Sulfur X-Ray Spectroscopy at the Stanford Synchrotron Radiation Lightsource

The Stanford Synchrotron Radiation Lightsource at dusk (credit: SSRL/SLAC)
My lab mates and I are once again back at the Stanford Synchrotron Radiation Lightsource (SSRL), a synchrotron particle accelerator in Menlo Park, California. We're here to conduct some x-ray microprobe mapping and x-ray absorption spectroscopy on samples from our various research projects (and to sleep very little while working all day and night, but that's just how we roll at synchrotrons). I've been to three synchrotrons so far in my life: the Swiss Light Source (SLS) at the Paul Scherrer Institut near Villagen, Switzerland; the Canadian Light Source (CLS) in Saskatoon, Canada; and, of course, here at SSRL.

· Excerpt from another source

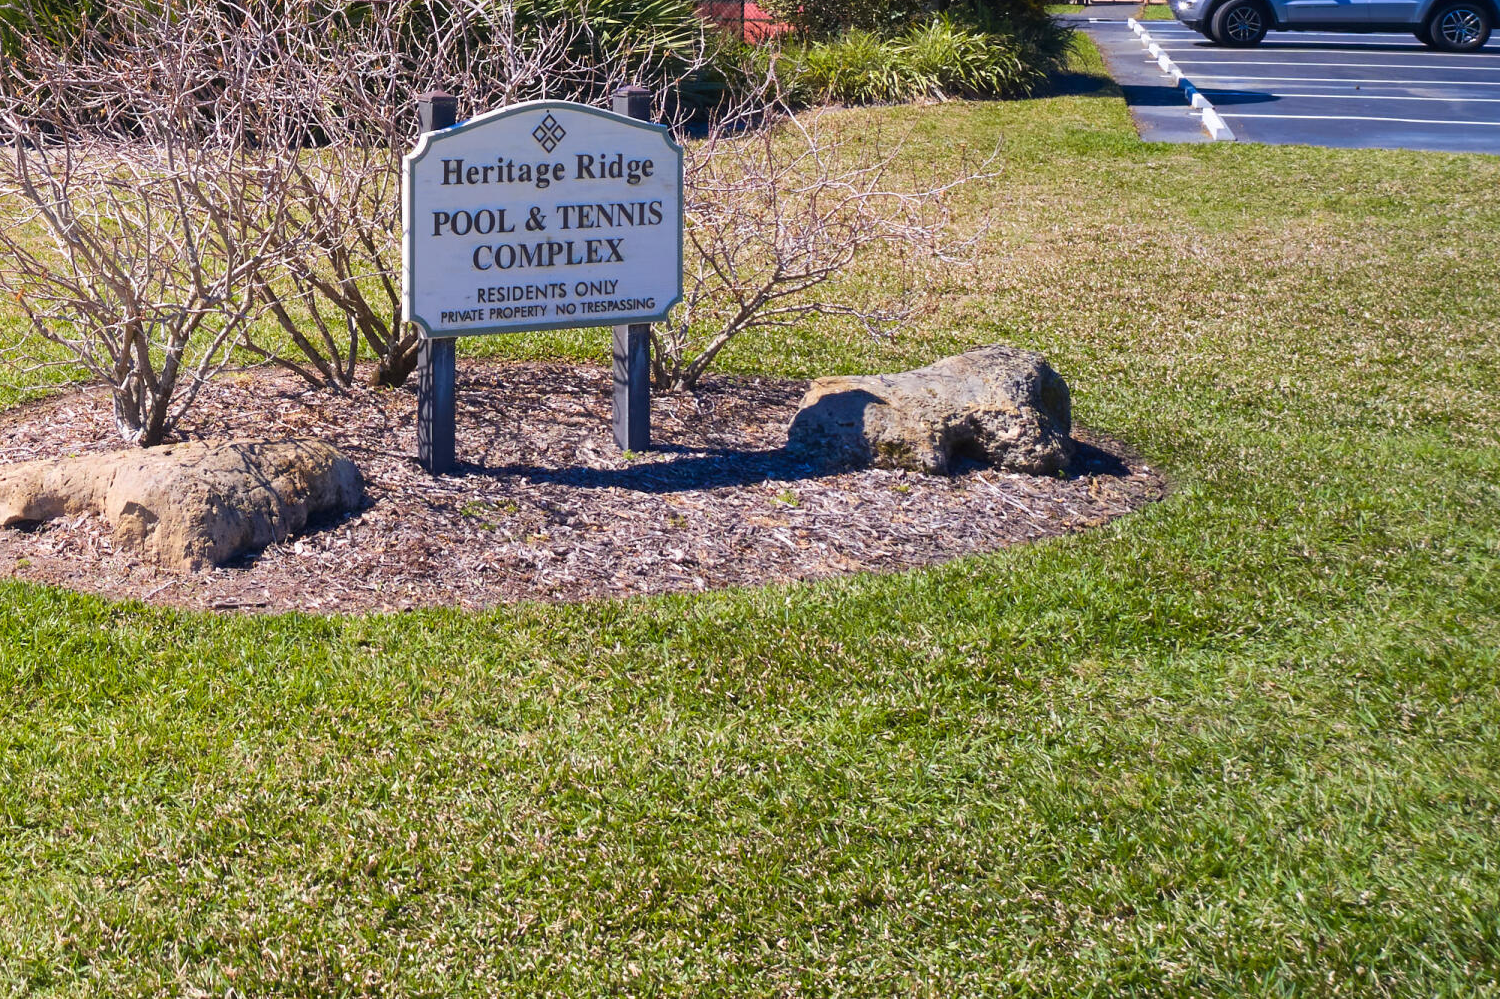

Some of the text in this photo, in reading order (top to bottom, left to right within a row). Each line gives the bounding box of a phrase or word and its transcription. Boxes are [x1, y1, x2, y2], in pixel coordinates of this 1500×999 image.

SSRL is a particle accelerator where a storage ring (the rough shape of which you can see in the image above) holds electrons that are traveling at close to the speed of light. Synchrotrons are awesome laboratories full of a wide array of instruments that make use of the infrared, visible, ultraviolet, and, especially, x-ray radiation produced when these relativistic electrons spin around the ring. Each of the individual experimental stations at synchrotrons are called Beamlines (BLs). Four of us from our lab group, the Templeton Geomicrobiology Lab, are working on three of these beamlines here at SSRL this weekend. Two of our beamlines are made for x-ray microprobe mapping and microscale x-ray spectroscopy while the other beamline is designed for bulk x-ray absorption spectroscopy.

I wrote a post entitled "Sulfur X-Ray Microprobe and XAS at SSRL: A First Look Into My Beamline Science" back in 2013 where I first introduced some of the work that I've done here at SSRL for my graduate research. That's back when Beamline 14-3 at SSRL was first getting up and running. I'm now conducting more of that work on BL 14-3 (actually, this may be the last time I come to SSRL, at least as a graduate student).

BL 14-3 is an x-ray microprobe beamline. An x-ray microprobe is based on the concept that each element can absorb x-rays of a very specific energy. When the x-rays are absorbed, one thing that can happen is the emission of light. With the sulfur x-ray microprobe on BL 14-3, I'm scanning across polished surfaces of material that I collected at Borup Fiord Pass last summer. The x-ray microprobe can tell me how much sulfur is present in an area that I've mapped this way. Here's an image showing a rough map that I just collected:


The image on the left is a reflected light micrograph (a microscope image) of one of my samples. The inset is a tricolored map image showing where sulfide (red/orange), elemental sulfur (green/yellow), and sulfate (blue) can all be spatially resolved in this sample. Pretty awesome!

Once I've mapped the sample, I can conduct x-ray absorption spectroscopy on the most interesting spots in the sample. This will allow me to figure out not only what kinds of sulfur are in my sample, but also how those types of sulfur are distributed throughout the material. Fantastical!

Of course, being that I'm at a synchrotron, I imagine this has not been my best writing. There's this thing about synchrotron work, where many of us will be working most of the day and night and taking our sleep in little bouts when we can get it. The time we get on synchrotrons is always limited and we like to make the most of it, so we end up driving ourselves into a bit of zombie mode toward the end of our time at these facilities (especially for those of us who caffeinate heavily while here).


I'm very hopeful for the data I'm collecting this weekend. These data, along with the rest of my work from this summer, should drive my research into its last leg as I look toward the last year or so of my graduate work. Using sulfur x-ray micropobe mapping and x-ray spectroscopy here at SSRL should give me some of the key pieces of data that will help me to build my dissertation.